Subgroup analyses by duration of intervention revealed that vitamin D treatment has a more obvious effect on LDL-C in the shorter duration studies. This may be because longer duration studies are associated with poor compliance of the subjects. On the other hand, studies with longer durations showed a significant reduction in HDL-C levels. It is in agreement with the fact that in vitamin D receptor knockout mice, there are higher HDL-C levels and hepatic apoA-I mRNA expression relative to wild type mice . Experiments in cultured human hepatocytes also showed the metabolites of vitamin D had a potent inhibitory effect on apoA-I production and decreased both apoA-I secretion and apoA-I mRNA levels [37, 38].
It is reasonable to speculate that the treatment effects of vitamin D are influenced by its baseline levels and the increment in blood levels. However, it was not possible to assess the effect of baseline vitamin D status on lipids profile from this meta-analysis, as the populations among individual studies were heterogeneous. In addition, different geographical latitudes of the study sites might have further complicated the issue of baseline value of vitamin D, but the subgroup analysis by study sites revealed nonsignificant results.
Although we have excluded the studies that focused on patients in hemodialysis states, other confounders that may have an unexpected influence on lipids could not be eliminated. Among them, obesity is always associated with dyslipidemia which includes high levels of TG and LDL-C and low levels of HDL-C . Additionally, obesity may have an effect on vitamin D metabolism because adipose tissue in obese subjects preferentially uptakes vitamin D . Therefore, we conducted a subgroup analyses by the weight of subjects and it showed a greater increase in serum LDL-C concentrations in obese subjects. However, there was no significant effect in the normal weight subjects.
Our review has several limitations. First, we found few eligible studies and none of them were sufficiently powered because they had relatively small numbers of participants.
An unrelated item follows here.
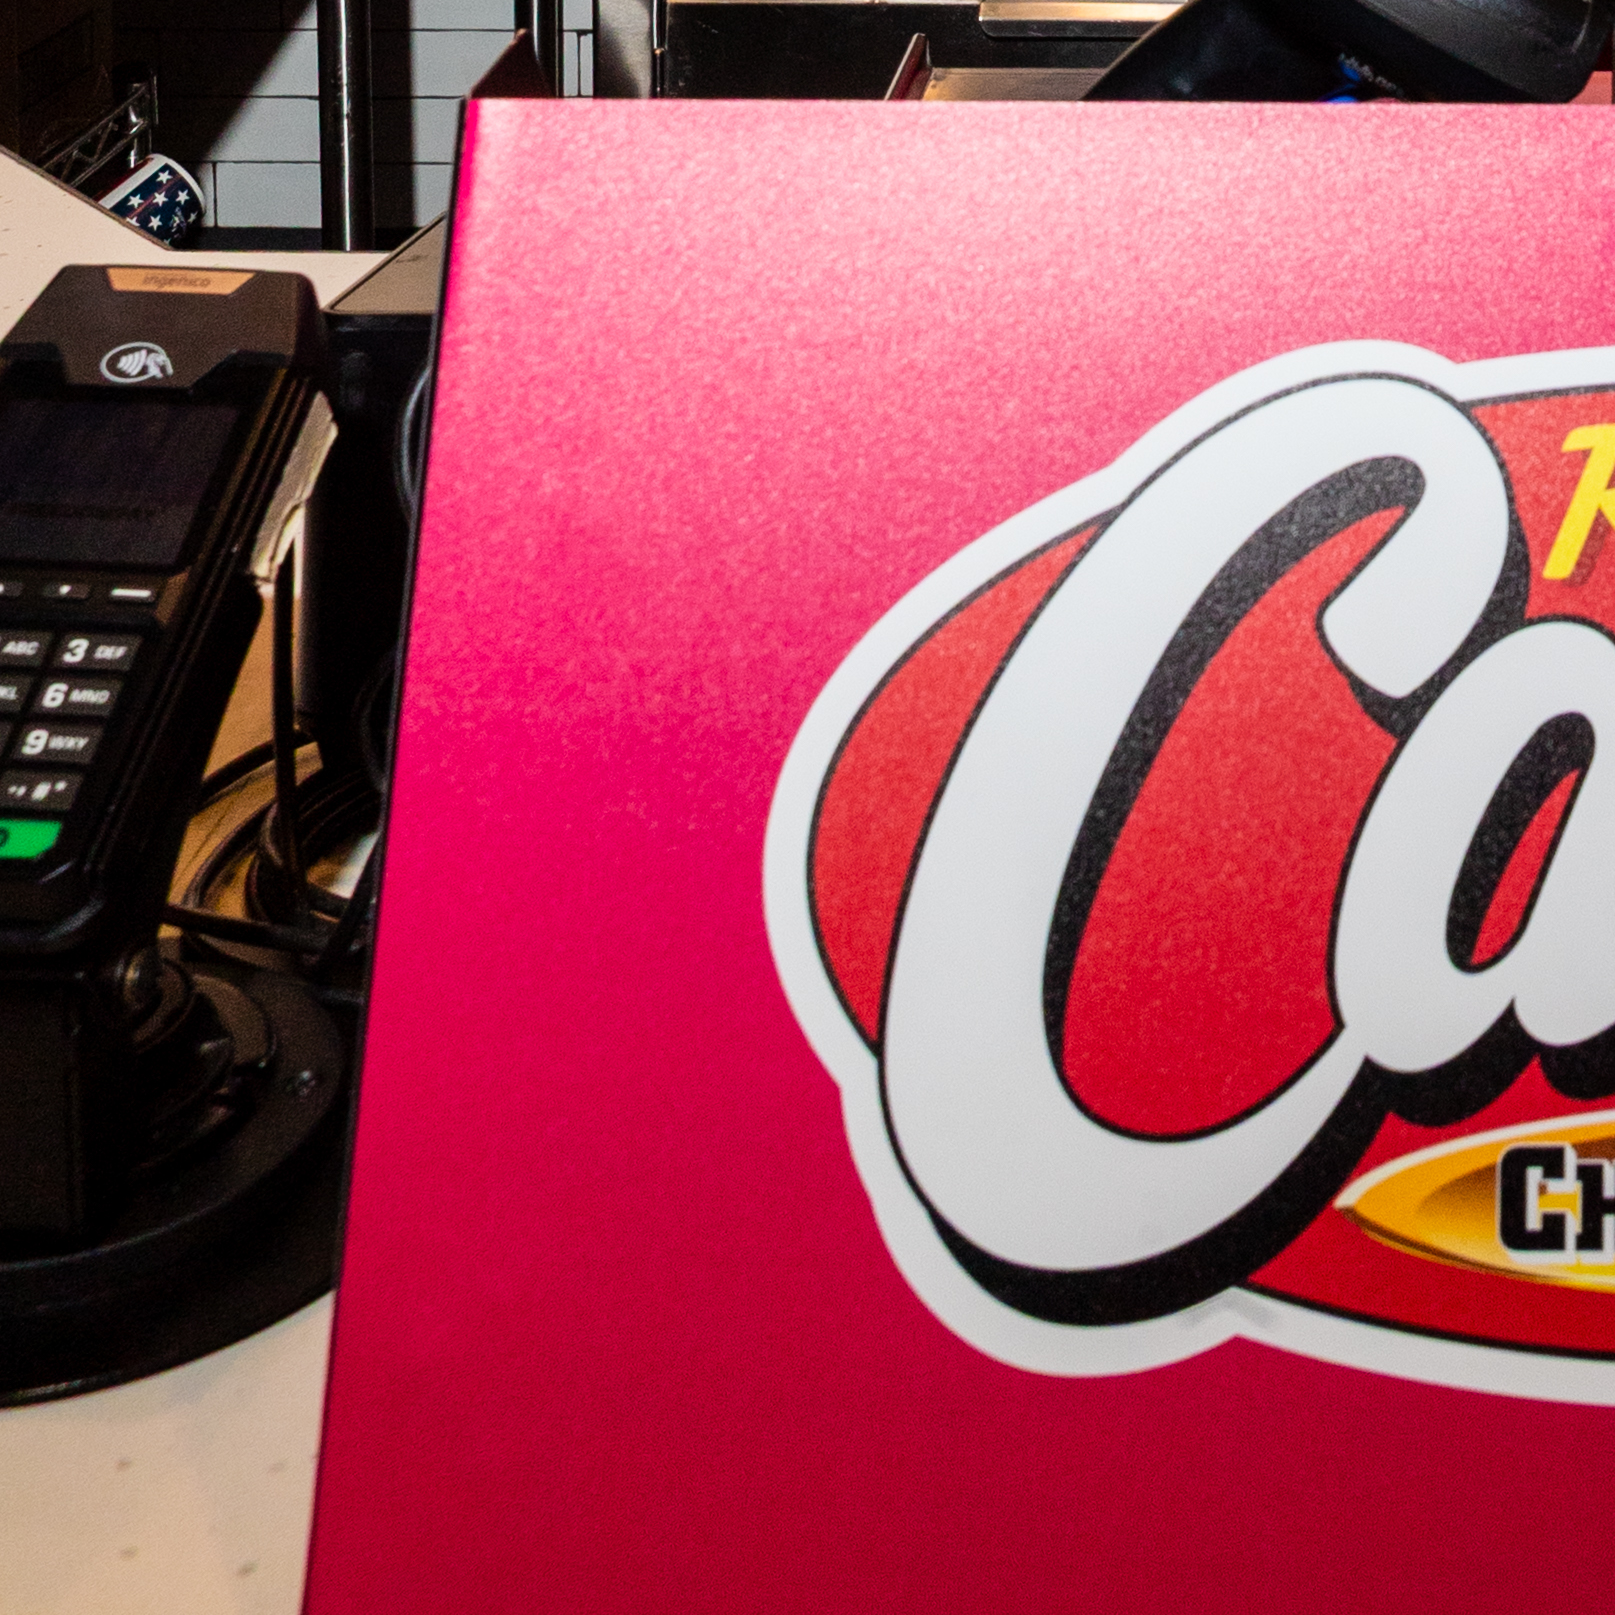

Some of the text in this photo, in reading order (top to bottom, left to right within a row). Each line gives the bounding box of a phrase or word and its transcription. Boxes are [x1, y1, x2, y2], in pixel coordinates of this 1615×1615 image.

[62, 637, 128, 664] 3 DEF
[41, 682, 111, 708] 6 MNO
[21, 728, 49, 756] 9
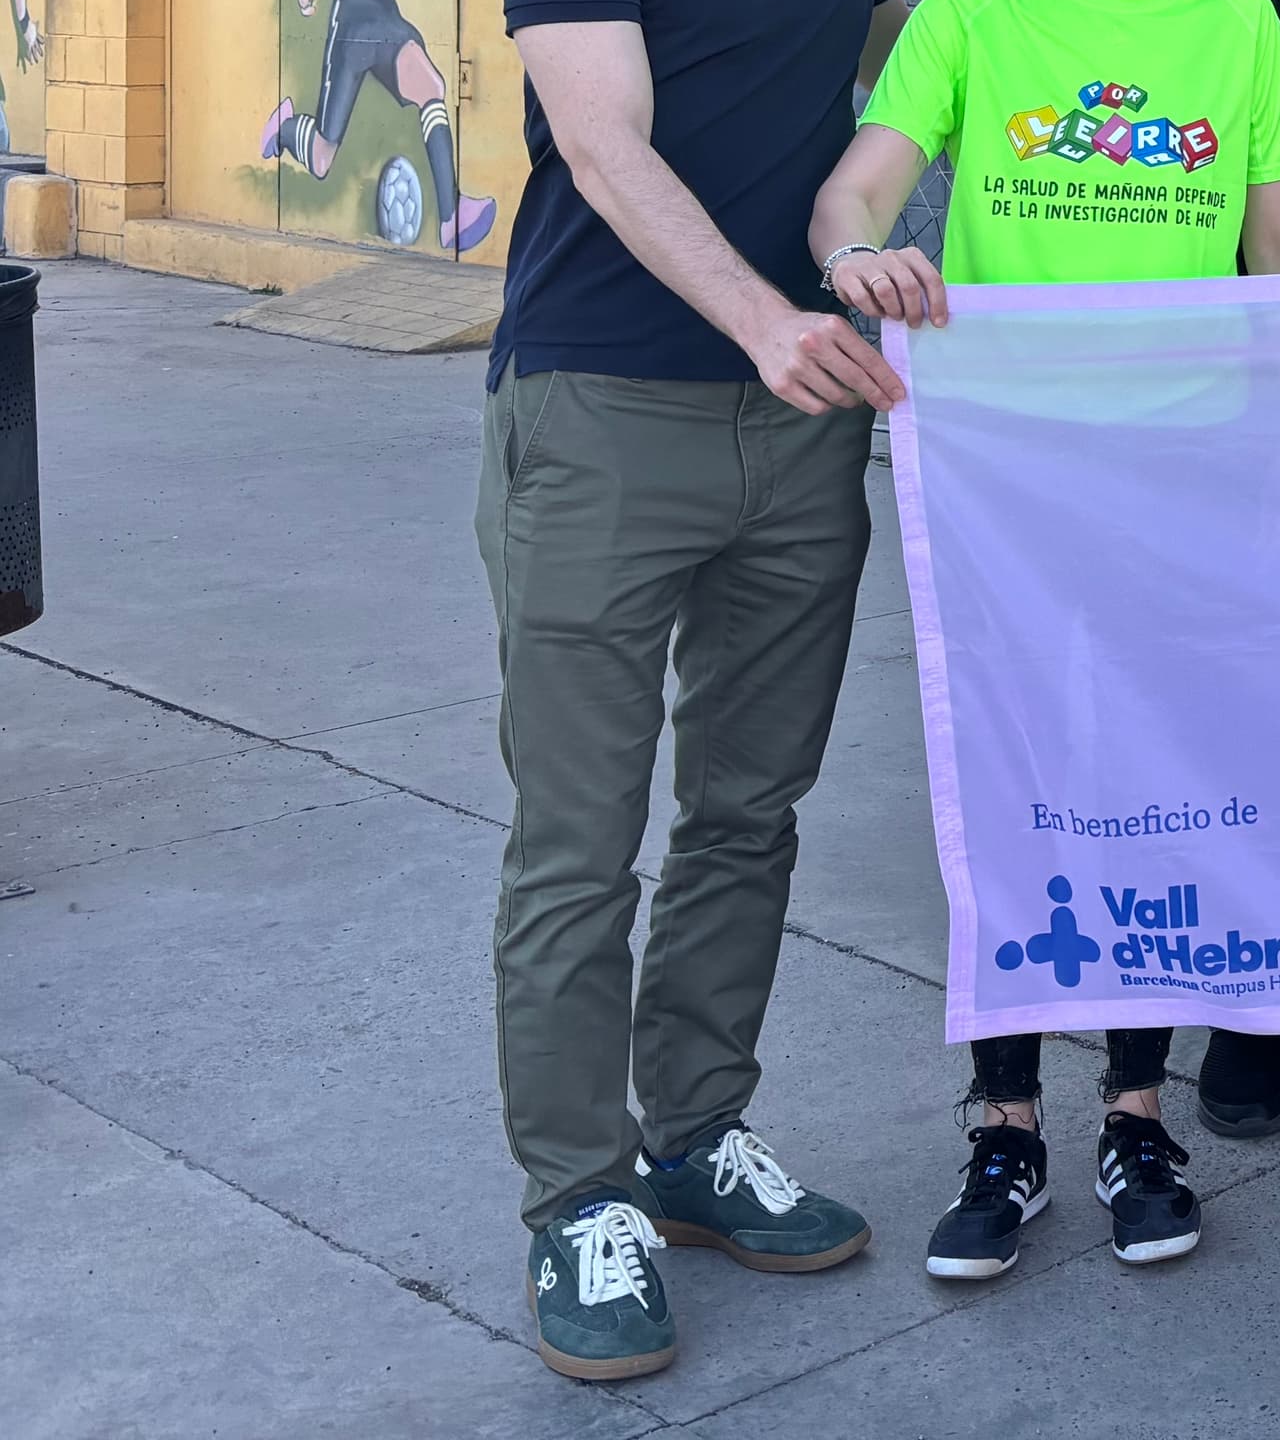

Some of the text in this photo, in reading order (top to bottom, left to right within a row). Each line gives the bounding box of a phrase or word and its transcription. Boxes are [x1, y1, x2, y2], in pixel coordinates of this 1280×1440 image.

Second, most participants included in our studies were non-Hispanic White and elderly which limits the applicability of our results to other groups in the whole population. Third, as with any meta-analysis, the potential for publication bias needs to be discussed. However, the visual inspection of funnel plots suggests that the presence of publication bias in this meta-analysis is less likely. Finally, none of the studies included in our analysis were specifically designed to evaluate the effect of vitamin D on serum lipids and none had hyperlipemia as an inclusion criterion. For all of these reasons, the results derived from this meta-analyses should be treated with considerable caution.